**Assignment**
Images don't belong in the copy. Output the rest of the data exactly.
[[ Records shown open ]]
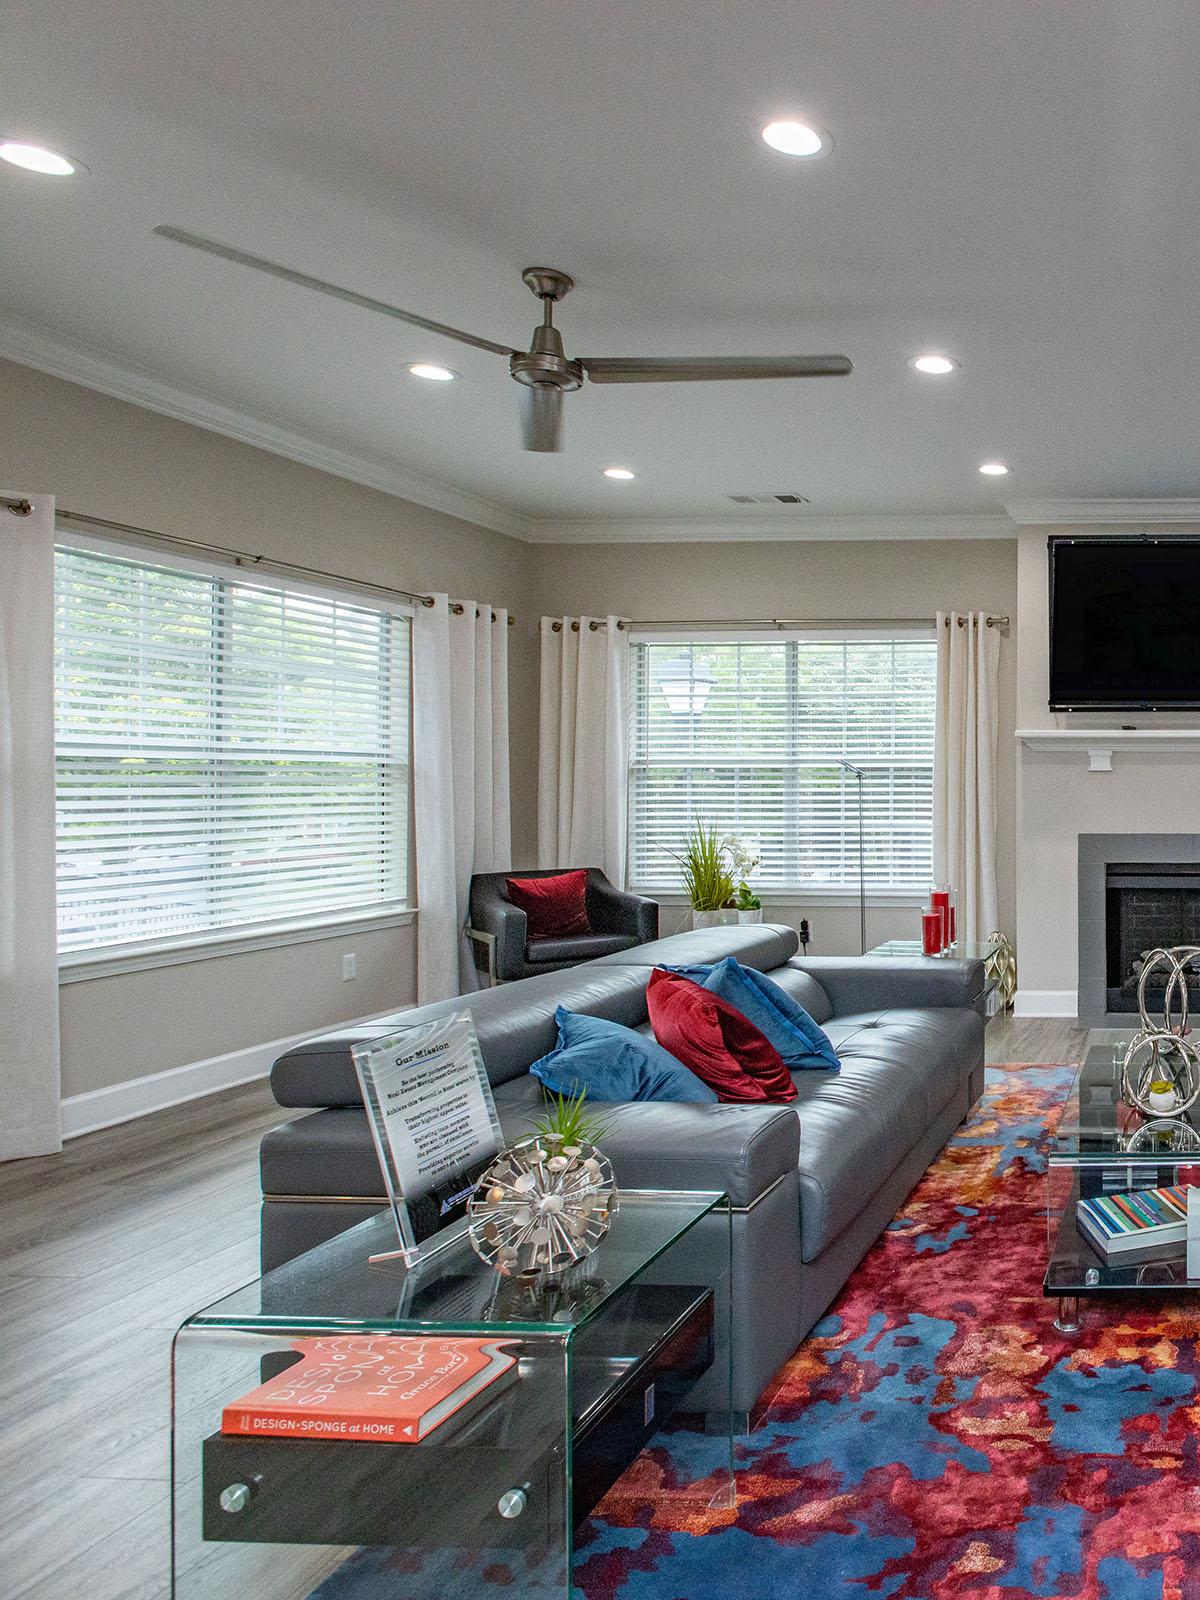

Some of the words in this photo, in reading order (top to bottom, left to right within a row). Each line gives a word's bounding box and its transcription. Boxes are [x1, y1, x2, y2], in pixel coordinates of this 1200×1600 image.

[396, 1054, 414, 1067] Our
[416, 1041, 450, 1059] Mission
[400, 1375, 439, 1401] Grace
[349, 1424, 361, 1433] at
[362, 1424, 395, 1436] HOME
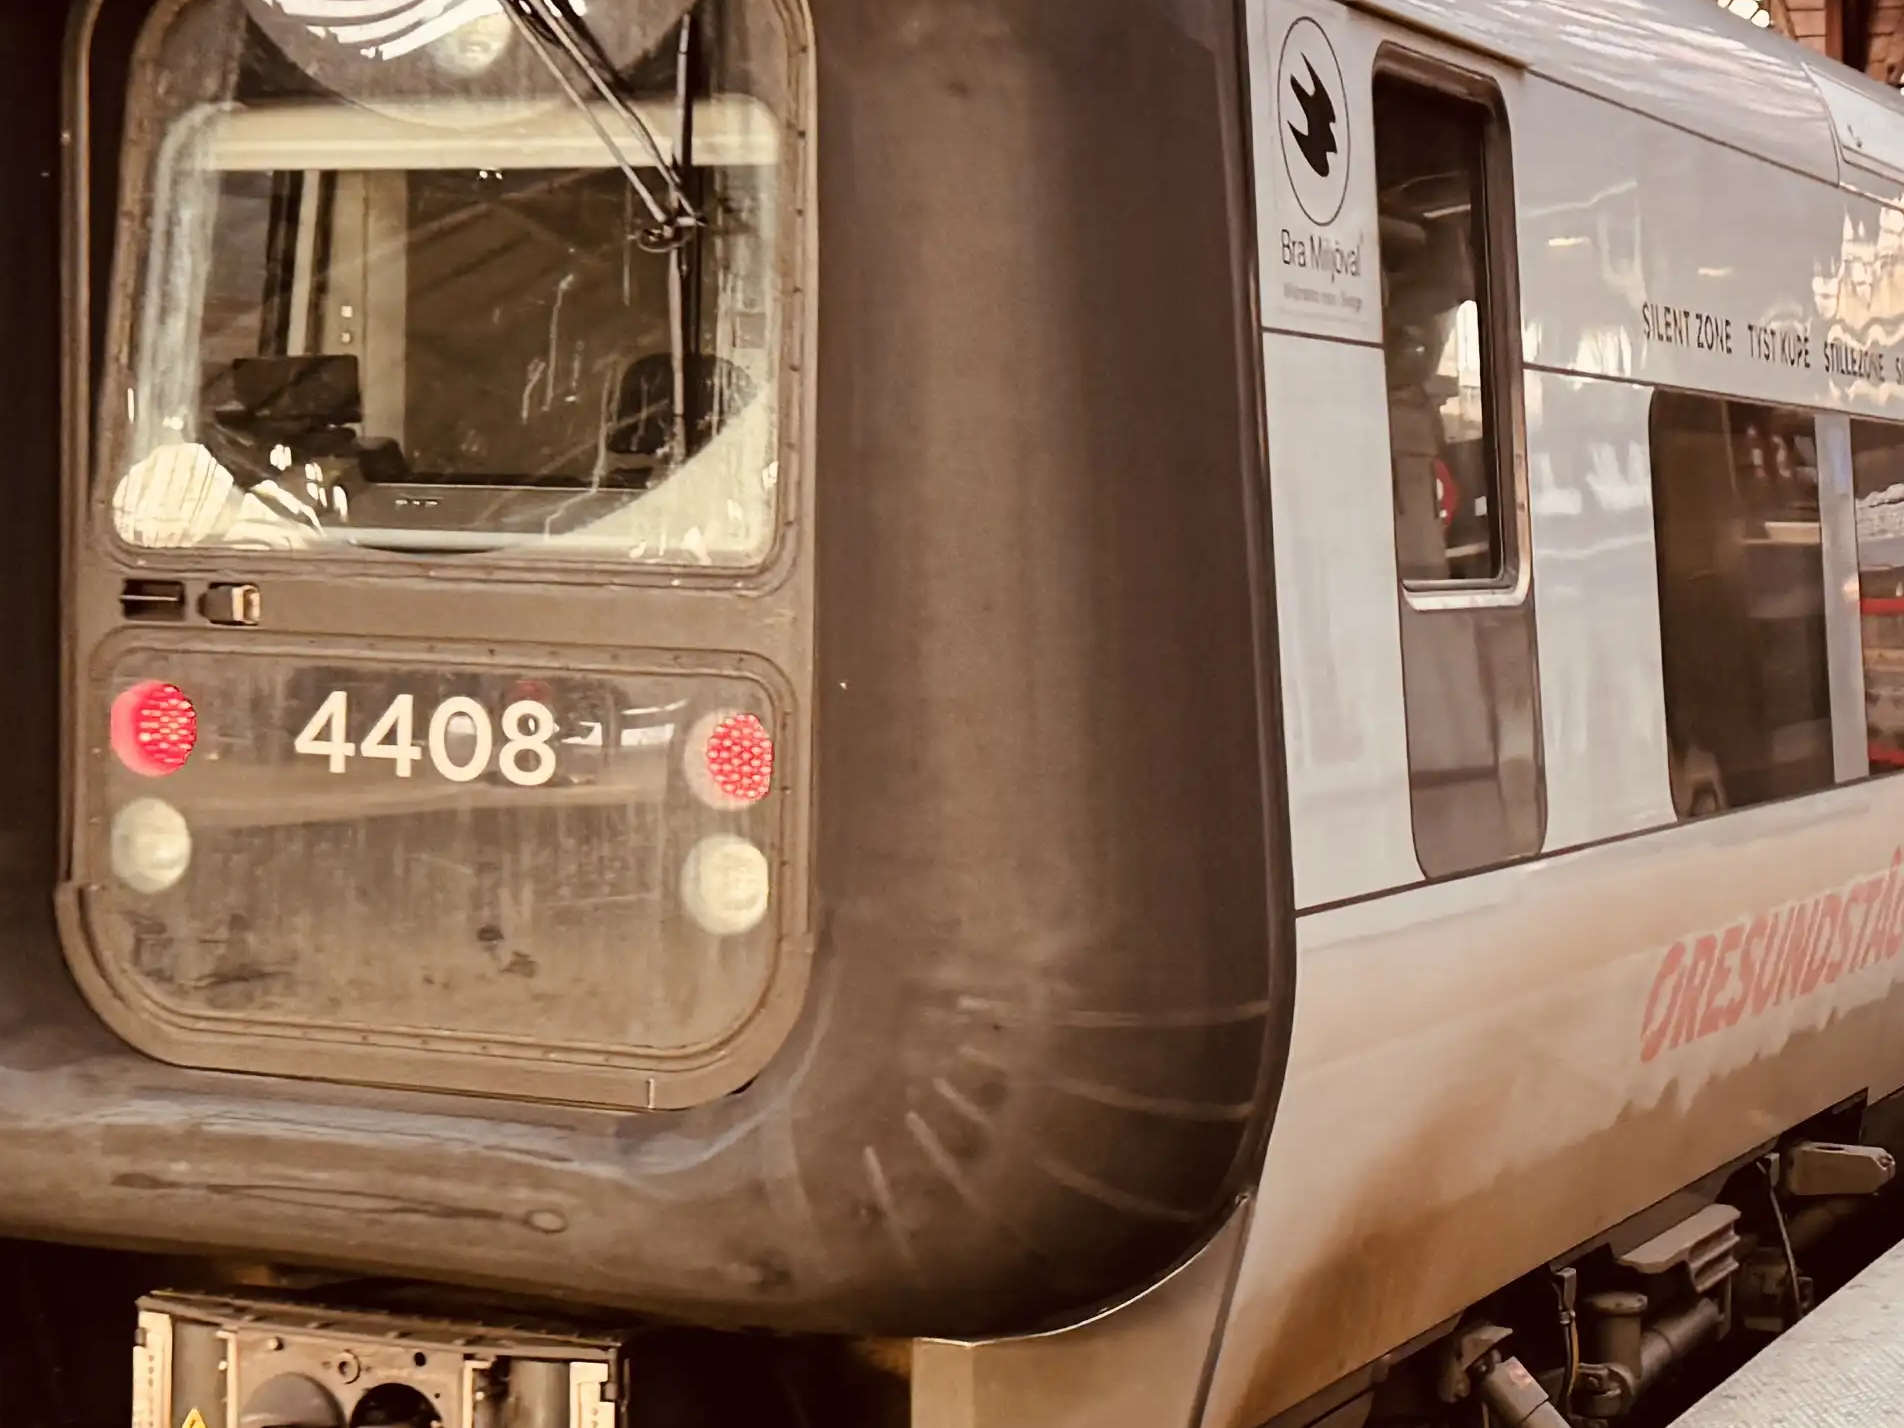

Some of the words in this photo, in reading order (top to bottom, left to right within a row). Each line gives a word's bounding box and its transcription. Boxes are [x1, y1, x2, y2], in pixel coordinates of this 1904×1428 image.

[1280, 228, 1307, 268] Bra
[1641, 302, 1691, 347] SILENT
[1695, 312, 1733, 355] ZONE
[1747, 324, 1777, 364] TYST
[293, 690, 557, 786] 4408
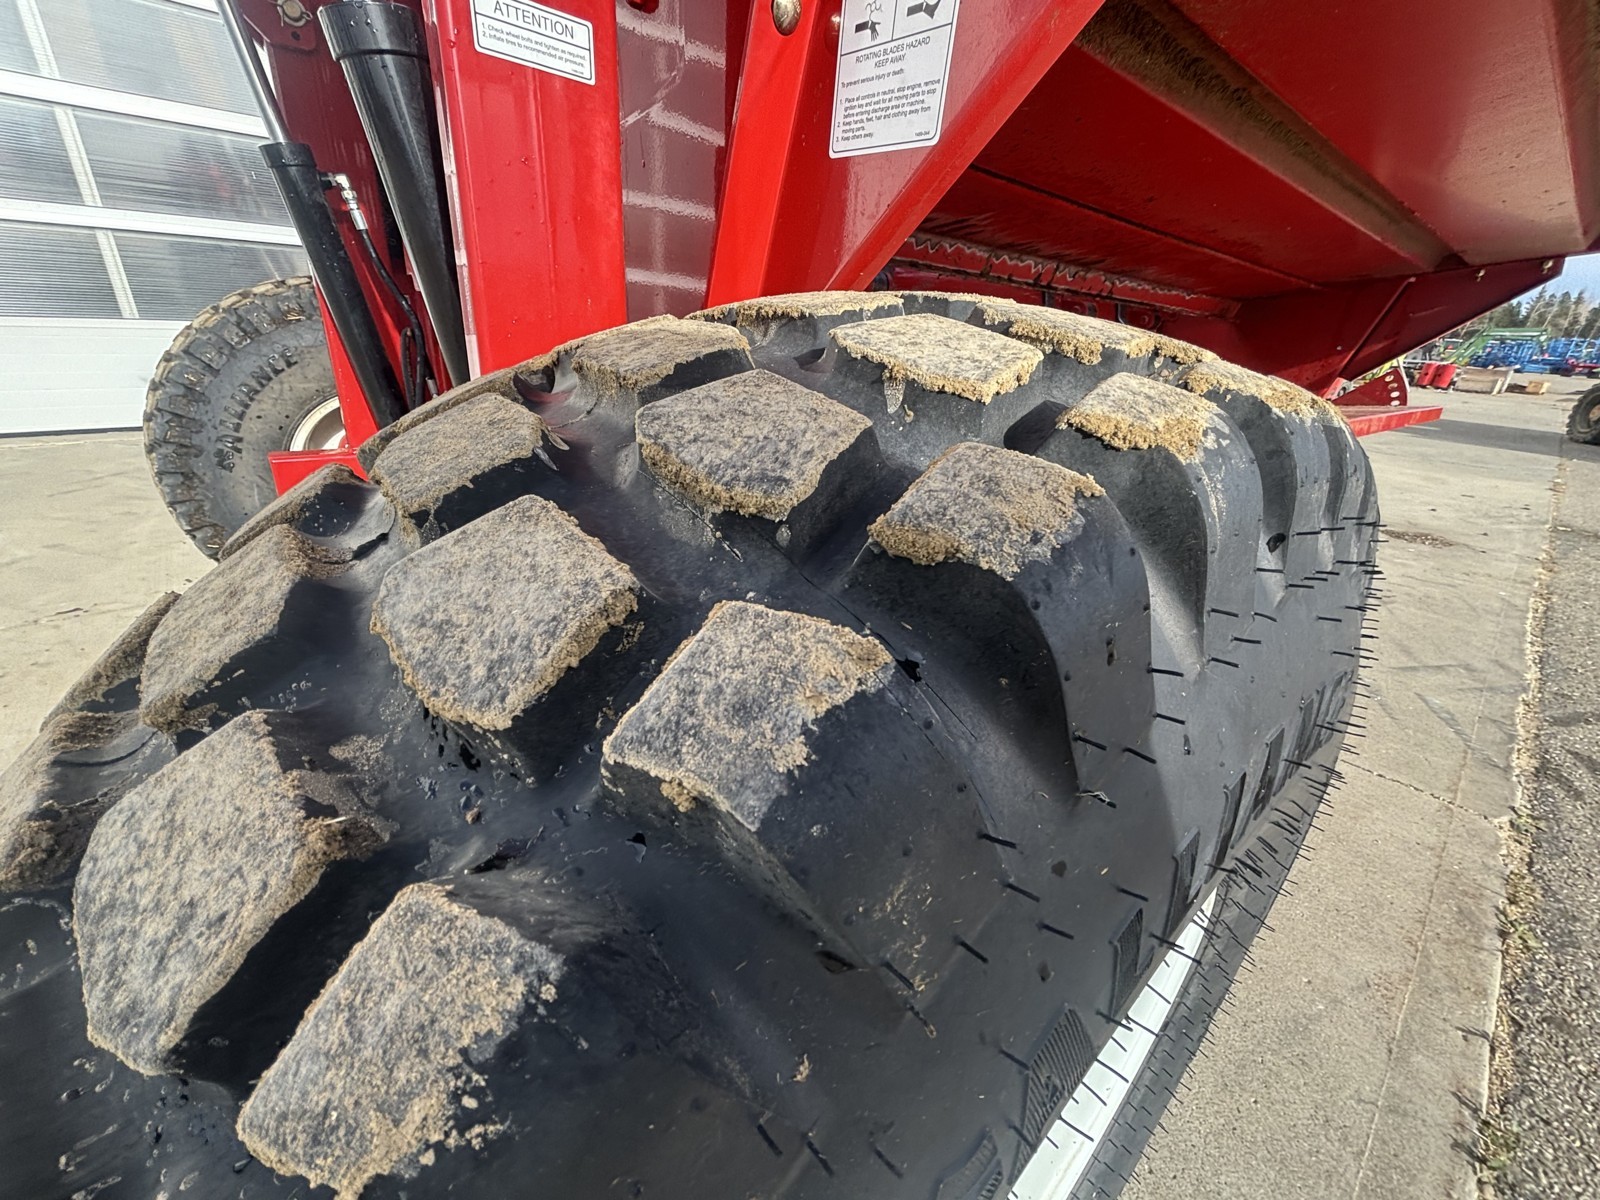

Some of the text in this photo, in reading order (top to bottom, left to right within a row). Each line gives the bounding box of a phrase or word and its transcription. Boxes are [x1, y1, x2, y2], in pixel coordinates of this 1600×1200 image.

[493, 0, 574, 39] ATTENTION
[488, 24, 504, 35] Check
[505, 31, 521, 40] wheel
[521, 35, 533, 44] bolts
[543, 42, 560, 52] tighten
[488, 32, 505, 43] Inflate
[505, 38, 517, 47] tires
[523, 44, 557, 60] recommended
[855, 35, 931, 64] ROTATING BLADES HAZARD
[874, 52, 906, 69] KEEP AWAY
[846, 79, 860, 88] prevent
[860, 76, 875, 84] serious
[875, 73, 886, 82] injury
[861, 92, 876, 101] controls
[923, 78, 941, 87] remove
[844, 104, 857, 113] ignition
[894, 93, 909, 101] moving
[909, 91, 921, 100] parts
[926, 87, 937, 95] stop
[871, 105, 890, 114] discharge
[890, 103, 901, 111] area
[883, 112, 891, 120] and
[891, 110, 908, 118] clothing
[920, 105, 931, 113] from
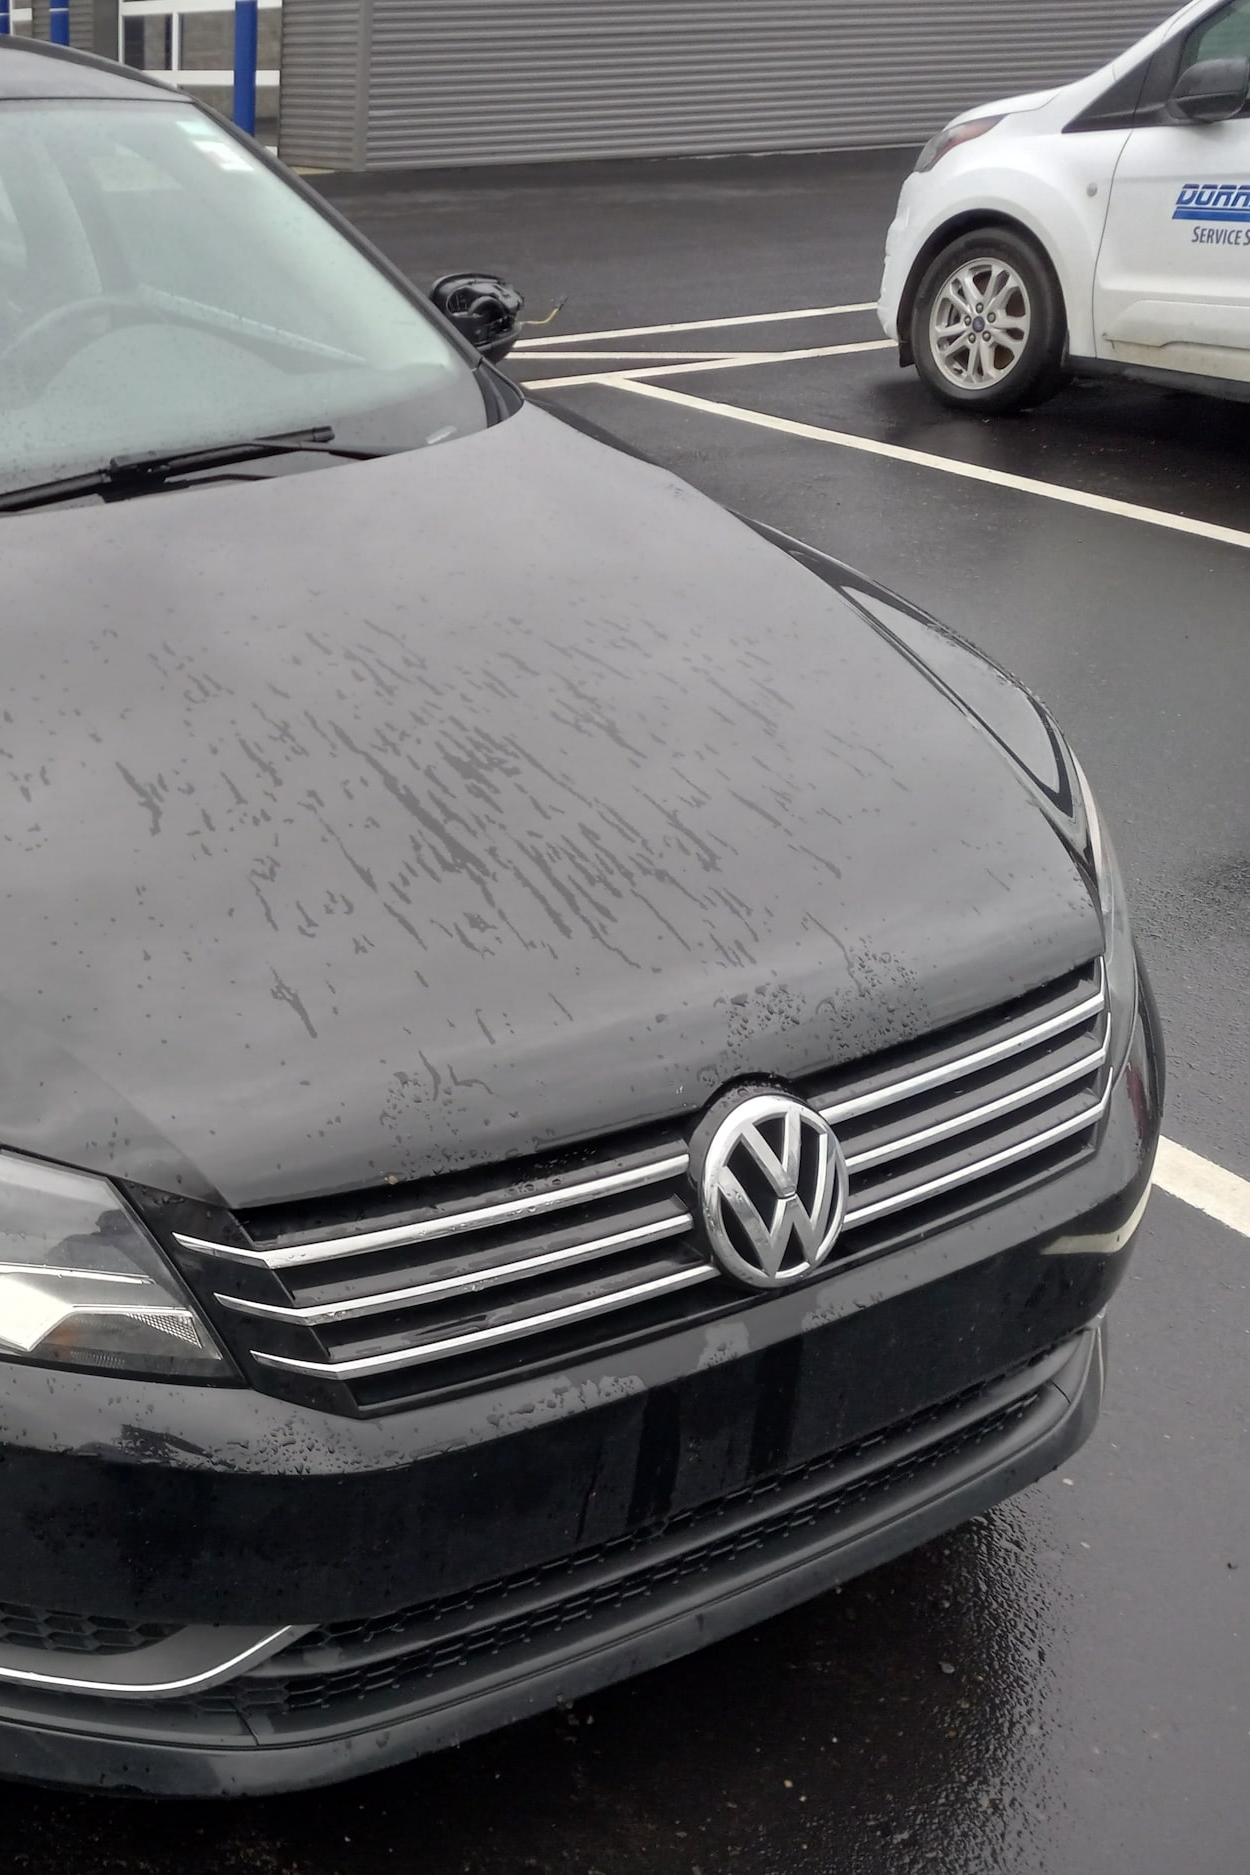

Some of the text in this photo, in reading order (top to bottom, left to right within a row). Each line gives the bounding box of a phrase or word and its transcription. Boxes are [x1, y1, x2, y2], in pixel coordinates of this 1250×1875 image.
[[ Records shown closed ]]
**Answer section**
Some of the words in this photo, in reading order (top to bottom, left to right within a row). Each line gives a word's bounding box and its transcription. Boxes are [x1, y1, x2, y2], in pixel coordinates of this 1200×1600 image.

[396, 1054, 414, 1067] Our
[416, 1041, 450, 1059] Mission
[400, 1375, 439, 1401] Grace
[349, 1424, 361, 1433] at
[362, 1424, 395, 1436] HOME

Some of the words in this photo, in reading order (top to bottom, left to right within a row). Each line gives a word's bounding box and its transcription. Boxes are [x1, y1, x2, y2], in pixel coordinates of this 1904×1428 image.

[1280, 228, 1307, 268] Bra
[1641, 302, 1691, 347] SILENT
[1695, 312, 1733, 355] ZONE
[1747, 324, 1777, 364] TYST
[293, 690, 557, 786] 4408

Some of the text in this photo, in reading order (top to bottom, left to right within a row). Each line gives the bounding box of a phrase or word and its transcription. Boxes are [x1, y1, x2, y2], in pixel coordinates of this 1600×1200 image.

[493, 0, 574, 39] ATTENTION
[488, 24, 504, 35] Check
[505, 31, 521, 40] wheel
[521, 35, 533, 44] bolts
[543, 42, 560, 52] tighten
[488, 32, 505, 43] Inflate
[505, 38, 517, 47] tires
[523, 44, 557, 60] recommended
[855, 35, 931, 64] ROTATING BLADES HAZARD
[874, 52, 906, 69] KEEP AWAY
[846, 79, 860, 88] prevent
[860, 76, 875, 84] serious
[875, 73, 886, 82] injury
[861, 92, 876, 101] controls
[923, 78, 941, 87] remove
[844, 104, 857, 113] ignition
[894, 93, 909, 101] moving
[909, 91, 921, 100] parts
[926, 87, 937, 95] stop
[871, 105, 890, 114] discharge
[890, 103, 901, 111] area
[883, 112, 891, 120] and
[891, 110, 908, 118] clothing
[920, 105, 931, 113] from

Some of the text in this photo, in reading order (top to bottom, left to right within a row). Each line gives the bounding box of a phrase or word and its transcription. Boxes are [x1, y1, x2, y2], in pixel coordinates of this 1250×1875 image.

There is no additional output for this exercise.